Equally predictable, if in substance incredible, was the Taoiseach’s statement in the Dáil of May 11th: the government had “not acted in any spirit of animosity towards our closest neighbour but rather in a desire to help … we have taken up a position on this grave international crisis independent of other issues and on its own merits”. I am reminded of a tag from Horace’s Odes quoted to me by the late Senator Alexis FitzGerald as we listened to Mr Haughey’s ferocious attack in the Dáil on the then Taoiseach, Garret FitzGerald, for agreeing the terms of an Anglo-Irish Summit communiqué on November 6th, 1981 as a treasonable sell-out (the precise terms complained of, though ungrammatical, were borrowed word for word from the communiqué issued following the previous Haughey-Thatcher summit): splendide mendax! Mr Haughey placed a possibly more believable nuance on his position when speaking on RTÉ about farm price negotiations next day: “All these things are, in theory, unrelated, but I think that any sensible person must accept that they are all now on the table at the same time and therefore they must, one way or the other, be impinging on each other.” If the Taoiseach thought he could beguile his British opposite number on agricultural price negotiations by comments of this sort when British personnel were being killed eight thousand miles from home, he had surely not learned much about Mrs Thatcher. Or perhaps this was another bit of posturing, aimed more at the votes of our farmers than at 10 Downing Street.
The US secretary of state, General Alexander Haig now launched an ambitious, elaborate and in the end somewhat ham-fisted endeavour to bring the sides together based on earlier soundings of officials in London and Buenos Aires, but which apparently were not checked directly with either Mrs Thatcher or the three-man junta. This would have involved a withdrawal of forces by both sides and an interim administration of the Falklands, which might involve Argentinian as well as London and Falkland Islander representation and possibly some third country presence acceptable to the two central parties. Curiously, and because Mrs Thatcher might have wanted to avoid the appearance of opposing publicly an initiative by her closest and most important ally President Reagan, there might have been an opportunity here for the junta to upstage the British by accepting the Haig terms, at least in principle, on the grounds that they would have kept the British off the Falkland Islands and bobbing about miserably in the South Atlantic winter storms, as Pérez de Cuéllar told Ambassador Dorr. London feared that its task force would have been despatched huge distances to no effect. But the British were lucky in the intellectual qualities of, and in the deep divisions between, their paranoid enemies in the junta. The Argentinians turned down the US initiative first, letting the British off the hook, and Mrs Thatcher complained bitterly to President Reagan about the difficulties Haig might have caused her. The US then backed the British formally and introduced limited sanctions against Argentina. Meanwhile the Irish side agreed again to “hold its hand” on pushing for a meeting of the security council. Dorr avers, however, that the Irish initiative, precisely because it remained in suspense on the agenda of the council, had served to mobilise the UN system and keep it active. It is difficult to see that the secretary general would have needed a pretext of this sort to assert his role in the middle of such an international crisis.
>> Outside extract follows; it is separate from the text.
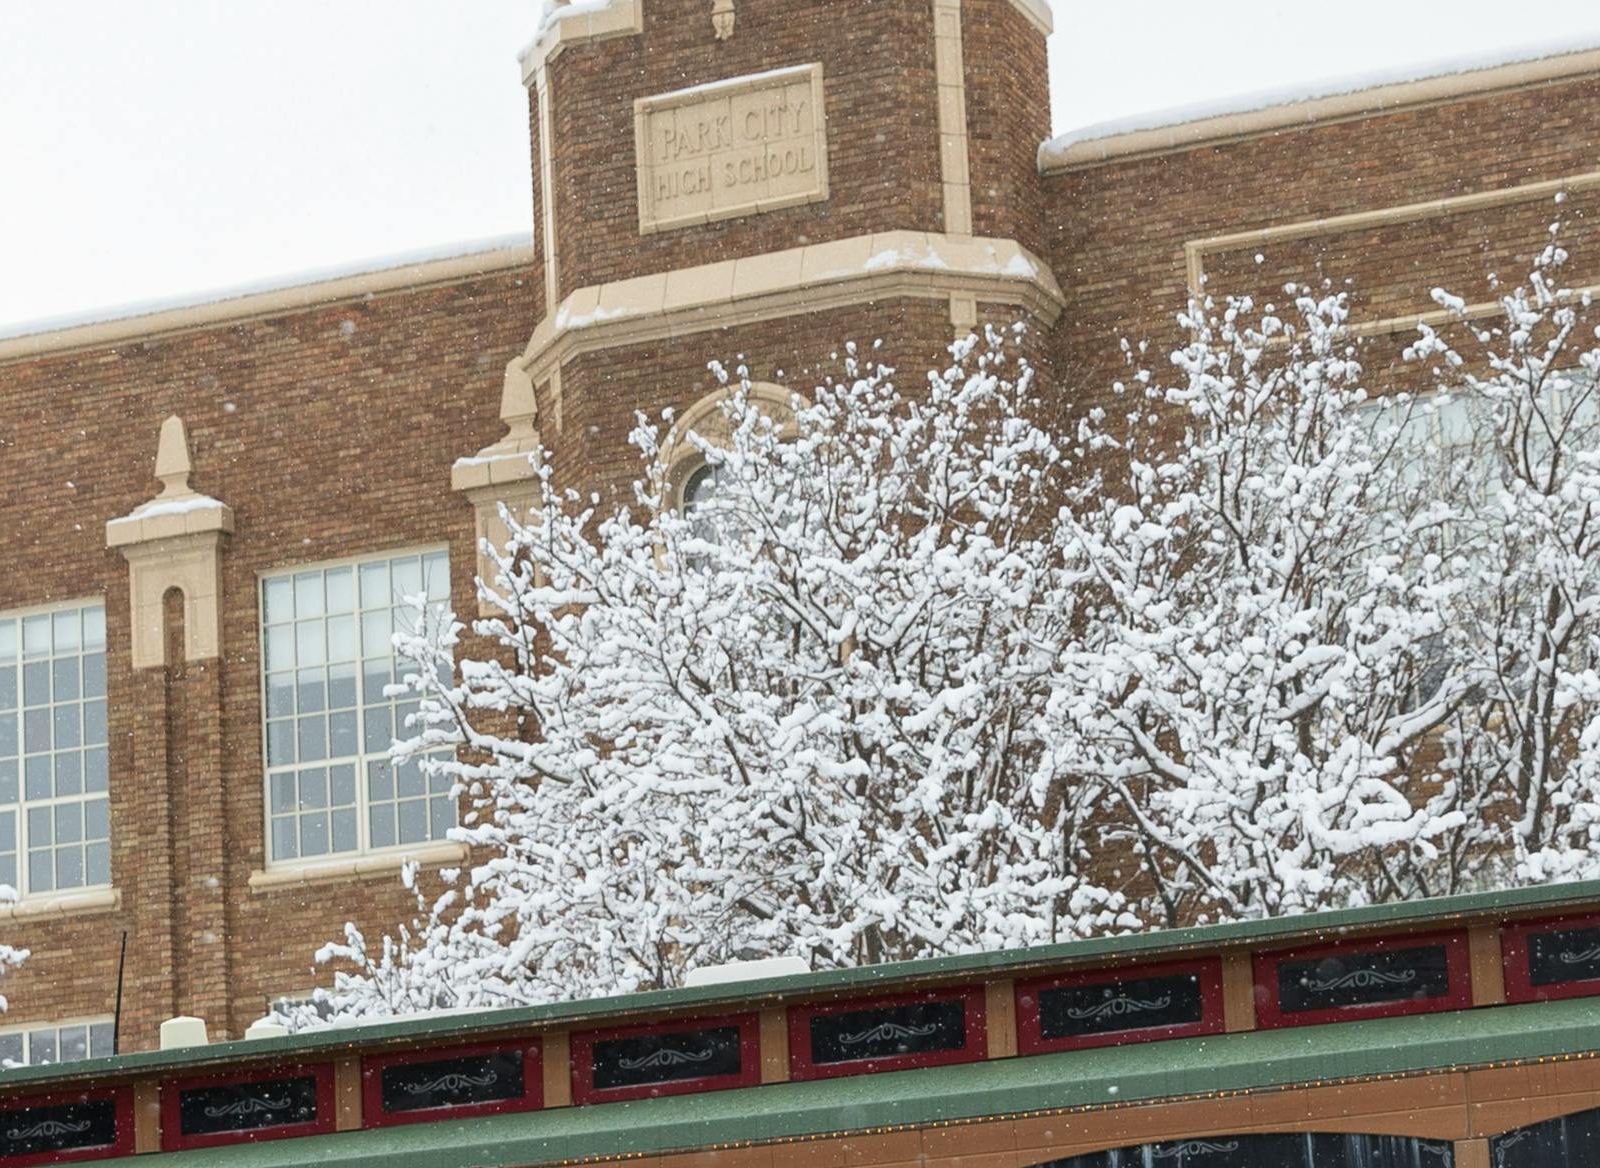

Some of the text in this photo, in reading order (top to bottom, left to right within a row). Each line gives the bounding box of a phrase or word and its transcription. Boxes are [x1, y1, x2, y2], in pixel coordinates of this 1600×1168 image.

The president of Peru, Belaunde Terry, tried next. His project was a version of the Haig proposal and it was directly inspired and secretly run by the US secretary of state. It got nowhere but Ireland again stood back. Then came the formal initiative of the secretary general himself and Ireland again temporarily withheld its demand for a meeting of the council in order to facilitate his convenience.
The strategy run in New York by Noel Dorr’s British counterpart, Sir Anthony Parsons, having started out somewhat shakily and feeling its way at first even to a possible compromise, was galvanised by the decisive intervention of Mrs Thatcher, who insisted that no endgame short of the military recovery of the islands would meet her objective. Parsons’s task then became to play for time in New York until the task force had completed its military mission in the South Atlantic. He achieved this skilfully. He was regularly in touch directly with his prime minister and flew to London for a weekend-long think-in with her and her “war cabinet” of ministers and officials. It seems odd that there had not been such direct contact between the Taoiseach and Ambassador Dorr and that all of Mr Haughey’s instructions to his ambassador on such an explosive issue were relayed through Sean Donlon, head of Foreign Affairs. The unfortunate Argentinian ambassador, an inexperienced New York lawyer, was so fearful of his own principals in Buenos Aires that on occasion he did not even dare to forward suggestions for compromise from the secretary general himself.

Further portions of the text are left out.